◆ Collected data:
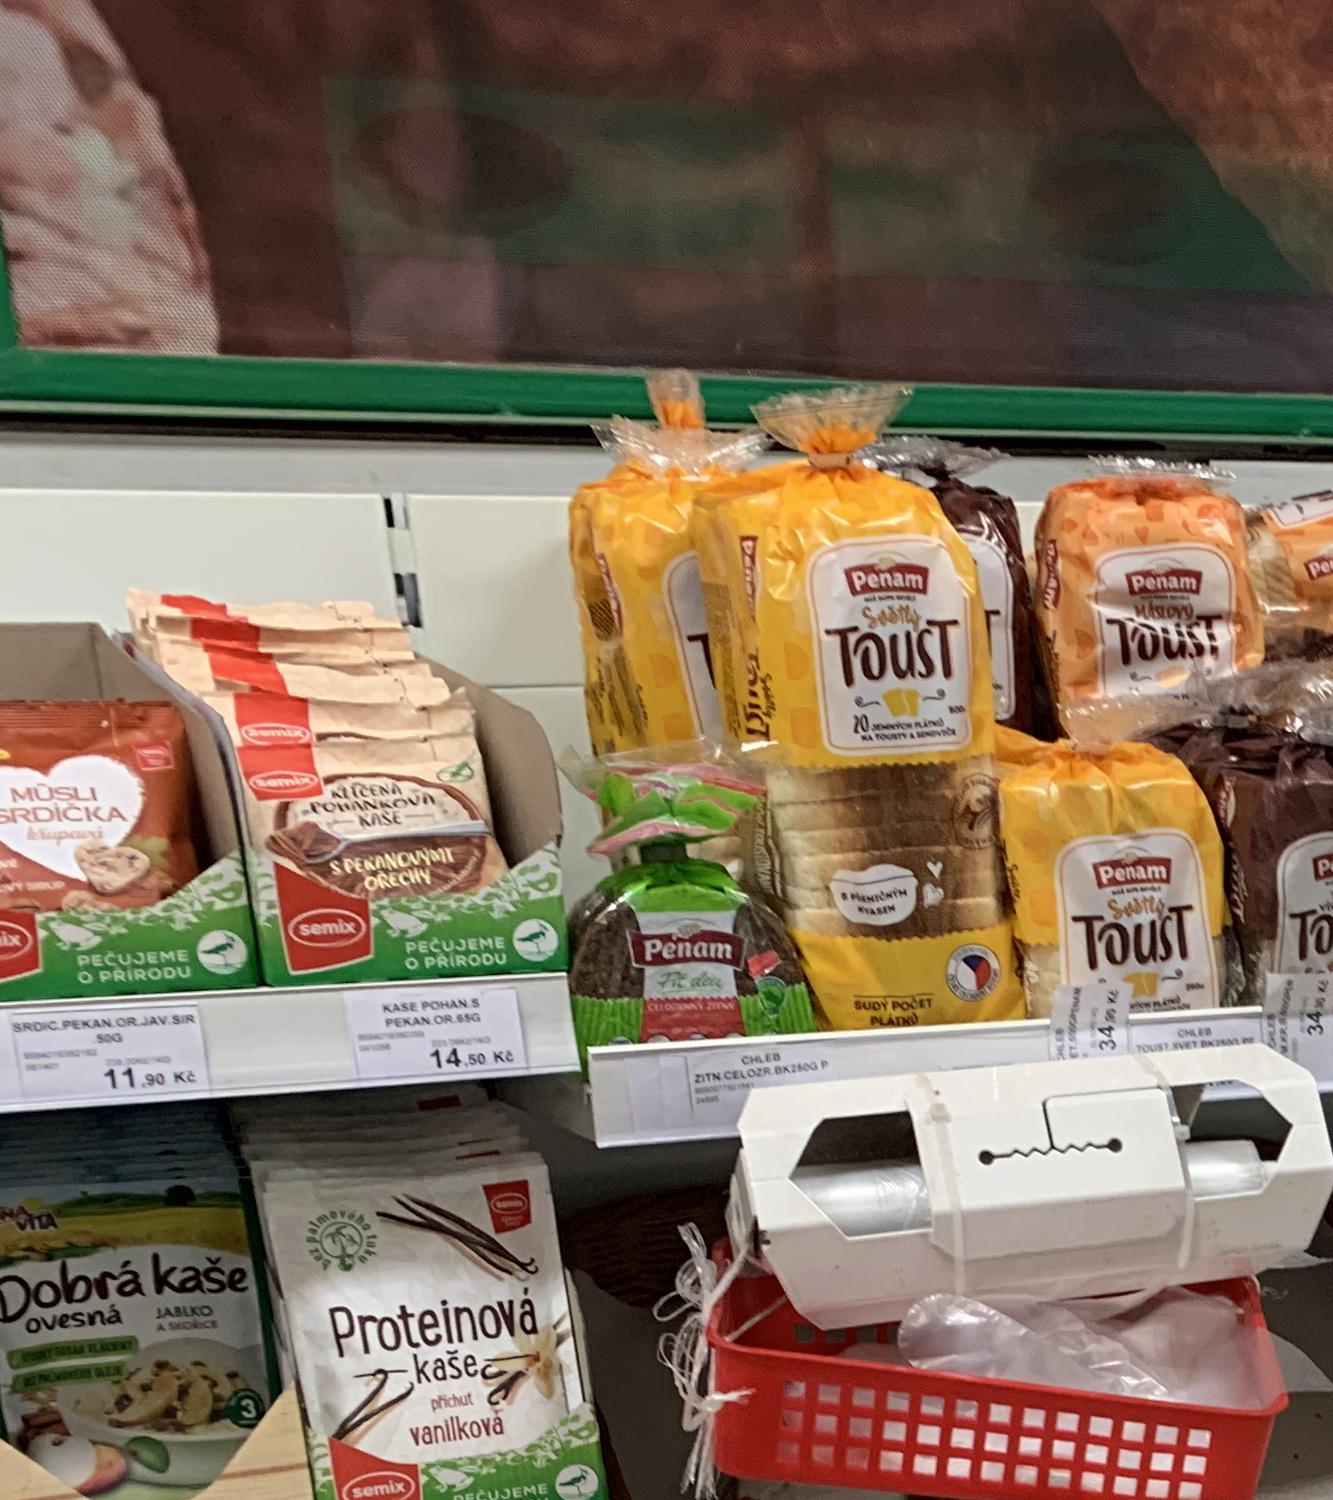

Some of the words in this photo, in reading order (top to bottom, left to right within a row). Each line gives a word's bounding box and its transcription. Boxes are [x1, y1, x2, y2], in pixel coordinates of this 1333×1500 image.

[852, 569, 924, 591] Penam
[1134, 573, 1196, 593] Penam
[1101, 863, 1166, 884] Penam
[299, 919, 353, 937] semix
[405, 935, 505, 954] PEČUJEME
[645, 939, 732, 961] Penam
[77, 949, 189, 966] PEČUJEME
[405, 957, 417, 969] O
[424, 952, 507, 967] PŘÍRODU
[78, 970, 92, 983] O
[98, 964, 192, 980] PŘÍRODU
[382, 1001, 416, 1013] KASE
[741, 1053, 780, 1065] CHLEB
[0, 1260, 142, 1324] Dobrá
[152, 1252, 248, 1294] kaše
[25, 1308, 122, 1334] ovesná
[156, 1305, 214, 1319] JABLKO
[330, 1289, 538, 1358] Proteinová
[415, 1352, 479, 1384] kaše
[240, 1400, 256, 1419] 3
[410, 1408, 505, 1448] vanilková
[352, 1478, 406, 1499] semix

◆ Exercise requirements: Give a verbatim transcription of the entries, leaving out the pictures.

◆ Solution to the problem:
Some of the words in this photo, in reading order (top to bottom, left to right within a row). Each line gives a word's bounding box and its transcription. Boxes are [x1, y1, x2, y2], in pixel coordinates of this 1333×1500 image.

[852, 569, 924, 591] Penam
[1134, 573, 1196, 593] Penam
[1101, 863, 1166, 884] Penam
[299, 919, 353, 937] semix
[405, 935, 505, 954] PEČUJEME
[645, 939, 732, 961] Penam
[77, 949, 189, 966] PEČUJEME
[405, 957, 417, 969] O
[424, 952, 507, 967] PŘÍRODU
[78, 970, 92, 983] O
[98, 964, 192, 980] PŘÍRODU
[382, 1001, 416, 1013] KASE
[741, 1053, 780, 1065] CHLEB
[0, 1260, 142, 1324] Dobrá
[152, 1252, 248, 1294] kaše
[25, 1308, 122, 1334] ovesná
[156, 1305, 214, 1319] JABLKO
[330, 1289, 538, 1358] Proteinová
[415, 1352, 479, 1384] kaše
[240, 1400, 256, 1419] 3
[410, 1408, 505, 1448] vanilková
[352, 1478, 406, 1499] semix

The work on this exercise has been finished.